_What to work on_
Below is a set of records; reproduce them exactly without their pictures.

_Task material_
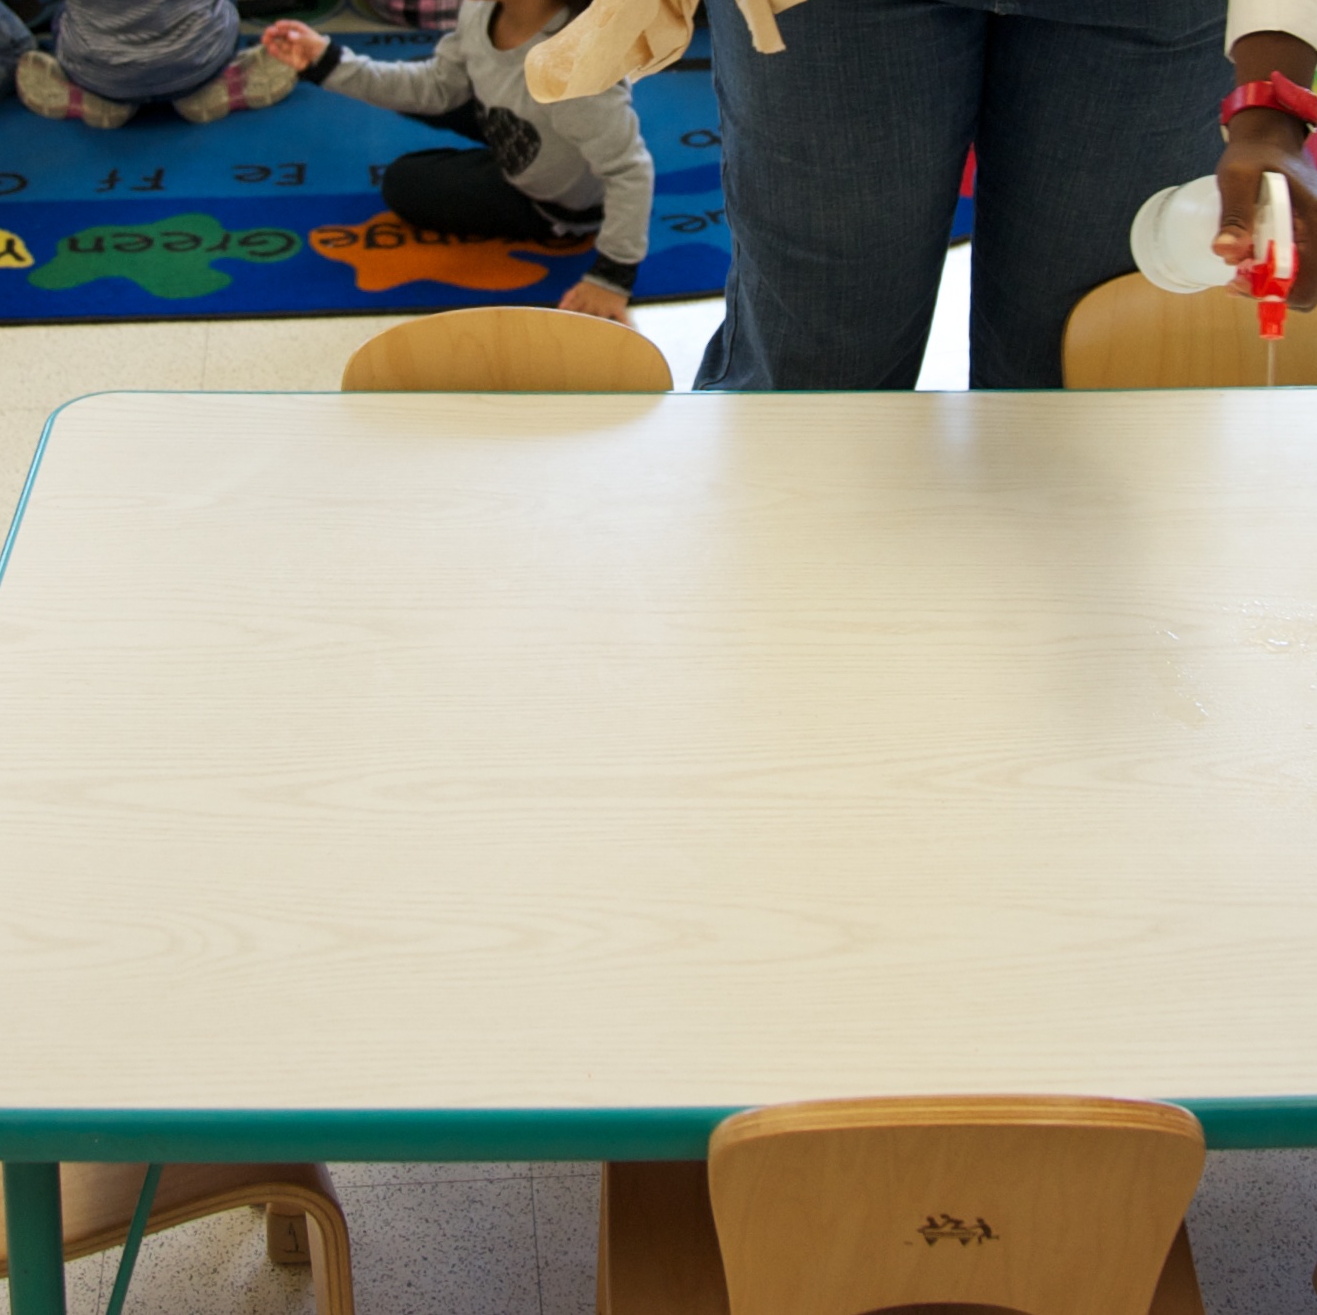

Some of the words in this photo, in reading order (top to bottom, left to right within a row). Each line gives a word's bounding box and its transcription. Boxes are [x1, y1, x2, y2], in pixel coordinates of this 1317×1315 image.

[96, 168, 165, 192] Ff
[232, 163, 307, 187] Ee
[66, 225, 298, 260] Green
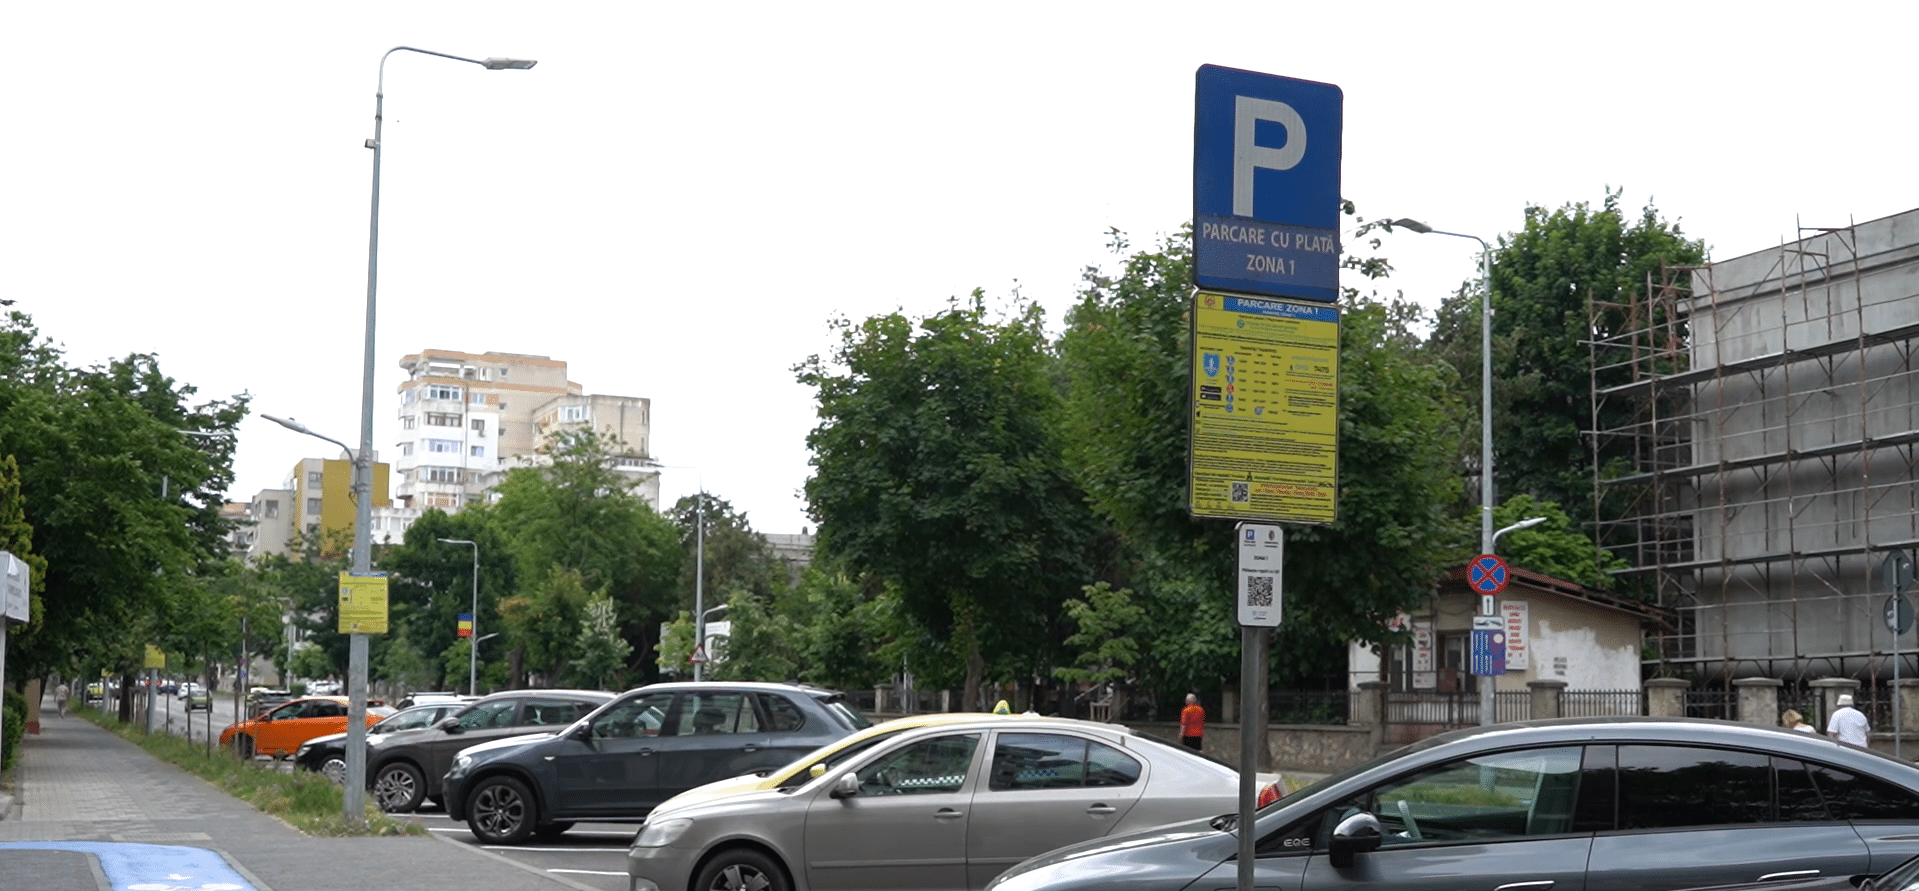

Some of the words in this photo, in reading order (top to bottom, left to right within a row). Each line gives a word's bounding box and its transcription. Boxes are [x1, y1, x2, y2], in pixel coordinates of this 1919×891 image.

[1233, 95, 1307, 217] P
[1203, 222, 1265, 245] PARCARE
[1271, 231, 1289, 248] CU
[1296, 234, 1334, 254] PLATĂ
[1246, 254, 1285, 274] ZONA
[1289, 260, 1295, 275] 1
[1237, 299, 1284, 311] PARCARE
[1286, 304, 1313, 315] ZONA
[1314, 307, 1319, 315] 1
[1283, 837, 1310, 847] EQE

_Task answer_
Some of the words in this photo, in reading order (top to bottom, left to right within a row). Each line gives a word's bounding box and its transcription. Boxes are [x1, y1, x2, y2], in pixel coordinates of this 1317×1315 image.

[96, 168, 165, 192] Ff
[232, 163, 307, 187] Ee
[66, 225, 298, 260] Green

Some of the words in this photo, in reading order (top to bottom, left to right within a row). Each line gives a word's bounding box and its transcription. Boxes are [x1, y1, x2, y2], in pixel coordinates of this 1919×891 image.

[1233, 95, 1307, 217] P
[1203, 222, 1265, 245] PARCARE
[1271, 231, 1289, 248] CU
[1296, 234, 1334, 254] PLATĂ
[1246, 254, 1285, 274] ZONA
[1289, 260, 1295, 275] 1
[1237, 299, 1284, 311] PARCARE
[1286, 304, 1313, 315] ZONA
[1314, 307, 1319, 315] 1
[1283, 837, 1310, 847] EQE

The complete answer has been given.